Veni Anima Mundi

L'argent

L’argent n’est pas le problème.

Nous le sommes.

Depuis des siècles, l’argent fascine, corrompt, libère, divise. On le désire en secret, on s’en excuse en public. On l’idolâtre ou on le méprise. Rarement on le comprend vraiment.

Les sages, eux, ne cherchaient pas l’or pour s’enrichir. Ils cherchaient à comprendre pourquoi certaines choses ont de la valeur et d’autres non. Pourquoi l’or vaut plus que la pierre. Pourquoi un sourire peut valoir plus que l’or. Et ce qu’ils découvraient, toujours, c’est que la valeur ne se trouve pas dans la chose elle-même. Elle se trouve dans ce qu’on y met. Notre temps, notre amour, notre intention.

Un repas cuisiné avec amour vaut plus qu’un repas étoilé mangé seul. Une lettre écrite à la main vaut plus qu’un message envoyé en deux secondes.

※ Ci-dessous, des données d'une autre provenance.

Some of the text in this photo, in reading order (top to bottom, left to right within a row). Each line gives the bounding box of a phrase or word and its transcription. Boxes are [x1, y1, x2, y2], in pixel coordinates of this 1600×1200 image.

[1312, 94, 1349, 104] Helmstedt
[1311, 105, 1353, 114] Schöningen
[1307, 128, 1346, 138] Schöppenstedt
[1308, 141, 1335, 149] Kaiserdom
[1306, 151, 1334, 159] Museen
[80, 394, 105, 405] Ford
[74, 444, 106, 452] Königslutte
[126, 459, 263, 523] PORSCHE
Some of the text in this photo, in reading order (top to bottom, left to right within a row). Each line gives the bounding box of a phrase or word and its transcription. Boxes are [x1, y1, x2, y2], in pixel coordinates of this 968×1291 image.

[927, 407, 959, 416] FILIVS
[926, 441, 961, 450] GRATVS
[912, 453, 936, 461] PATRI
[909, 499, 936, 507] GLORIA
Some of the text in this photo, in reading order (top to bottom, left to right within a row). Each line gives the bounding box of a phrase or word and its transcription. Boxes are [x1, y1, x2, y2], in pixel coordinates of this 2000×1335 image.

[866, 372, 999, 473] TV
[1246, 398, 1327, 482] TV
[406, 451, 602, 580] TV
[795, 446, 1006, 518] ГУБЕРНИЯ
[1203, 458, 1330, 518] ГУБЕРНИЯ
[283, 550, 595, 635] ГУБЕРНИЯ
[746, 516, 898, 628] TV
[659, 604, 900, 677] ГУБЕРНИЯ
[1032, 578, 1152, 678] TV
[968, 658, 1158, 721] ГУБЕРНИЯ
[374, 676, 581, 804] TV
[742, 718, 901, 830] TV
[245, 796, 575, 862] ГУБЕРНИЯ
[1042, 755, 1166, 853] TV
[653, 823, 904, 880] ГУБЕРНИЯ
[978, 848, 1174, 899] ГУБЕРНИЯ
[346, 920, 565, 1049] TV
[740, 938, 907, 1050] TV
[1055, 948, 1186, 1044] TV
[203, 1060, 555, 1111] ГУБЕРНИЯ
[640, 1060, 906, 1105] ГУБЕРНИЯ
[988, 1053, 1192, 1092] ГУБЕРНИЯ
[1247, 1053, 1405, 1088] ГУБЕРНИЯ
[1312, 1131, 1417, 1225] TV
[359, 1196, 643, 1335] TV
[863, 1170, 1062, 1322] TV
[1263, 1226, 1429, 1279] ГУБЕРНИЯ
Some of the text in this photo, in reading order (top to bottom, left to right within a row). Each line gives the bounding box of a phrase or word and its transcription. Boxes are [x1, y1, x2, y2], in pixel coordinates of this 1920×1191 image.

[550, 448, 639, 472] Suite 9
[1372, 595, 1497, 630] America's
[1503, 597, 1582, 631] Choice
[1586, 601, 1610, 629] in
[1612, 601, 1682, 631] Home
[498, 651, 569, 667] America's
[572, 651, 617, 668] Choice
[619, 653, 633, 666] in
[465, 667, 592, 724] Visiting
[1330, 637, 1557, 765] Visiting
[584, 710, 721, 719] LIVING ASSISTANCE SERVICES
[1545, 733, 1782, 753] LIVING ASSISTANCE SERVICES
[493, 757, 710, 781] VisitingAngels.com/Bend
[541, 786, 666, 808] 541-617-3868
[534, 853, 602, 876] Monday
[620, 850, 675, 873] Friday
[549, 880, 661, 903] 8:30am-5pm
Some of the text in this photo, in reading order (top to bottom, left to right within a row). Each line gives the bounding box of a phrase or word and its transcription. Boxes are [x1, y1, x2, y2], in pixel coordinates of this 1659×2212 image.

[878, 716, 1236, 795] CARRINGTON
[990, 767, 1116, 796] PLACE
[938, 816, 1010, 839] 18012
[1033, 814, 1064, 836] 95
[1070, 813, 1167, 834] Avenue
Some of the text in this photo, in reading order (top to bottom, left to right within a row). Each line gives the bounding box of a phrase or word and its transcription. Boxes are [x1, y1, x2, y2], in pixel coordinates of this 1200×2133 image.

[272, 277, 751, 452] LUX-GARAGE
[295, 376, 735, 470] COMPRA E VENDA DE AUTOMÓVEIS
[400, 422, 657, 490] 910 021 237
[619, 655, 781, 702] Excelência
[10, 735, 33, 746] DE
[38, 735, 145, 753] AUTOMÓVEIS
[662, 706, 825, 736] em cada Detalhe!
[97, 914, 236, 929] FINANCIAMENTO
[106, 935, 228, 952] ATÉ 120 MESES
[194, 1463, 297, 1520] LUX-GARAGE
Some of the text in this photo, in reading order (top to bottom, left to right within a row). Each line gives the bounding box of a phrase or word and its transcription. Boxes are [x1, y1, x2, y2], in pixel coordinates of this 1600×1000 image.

La valeur est humaine. Elle vient de nous. Pas des choses.

L’argent est un outil. Rien de plus. Rien de moins. Comme un marteau, il peut construire une maison ou briser une fenêtre. Ce n’est pas le marteau qui décide. C’est la main qui le tient.

Le problème n’est pas d’en avoir. Le problème, c’est ce qu’on devient quand on en manque, et ce qu’on devient quand on en a trop. Dans les deux cas, c’est la peur qui gouverne. La peur de ne pas avoir assez. La peur de perdre ce qu’on a.

Et la peur n’a jamais construit quoi que ce soit de lumineux.

L’âme du monde ne circule pas dans les banques. Elle circule dans la générosité, dans l’échange juste, dans le geste de celui qui donne sans calculer. L’argent devient sacré le jour où il sert la vie plutôt que de la contrôler.

La vraie richesse n’est pas ce que tu possèdes. C’est ce que tu es capable de donner.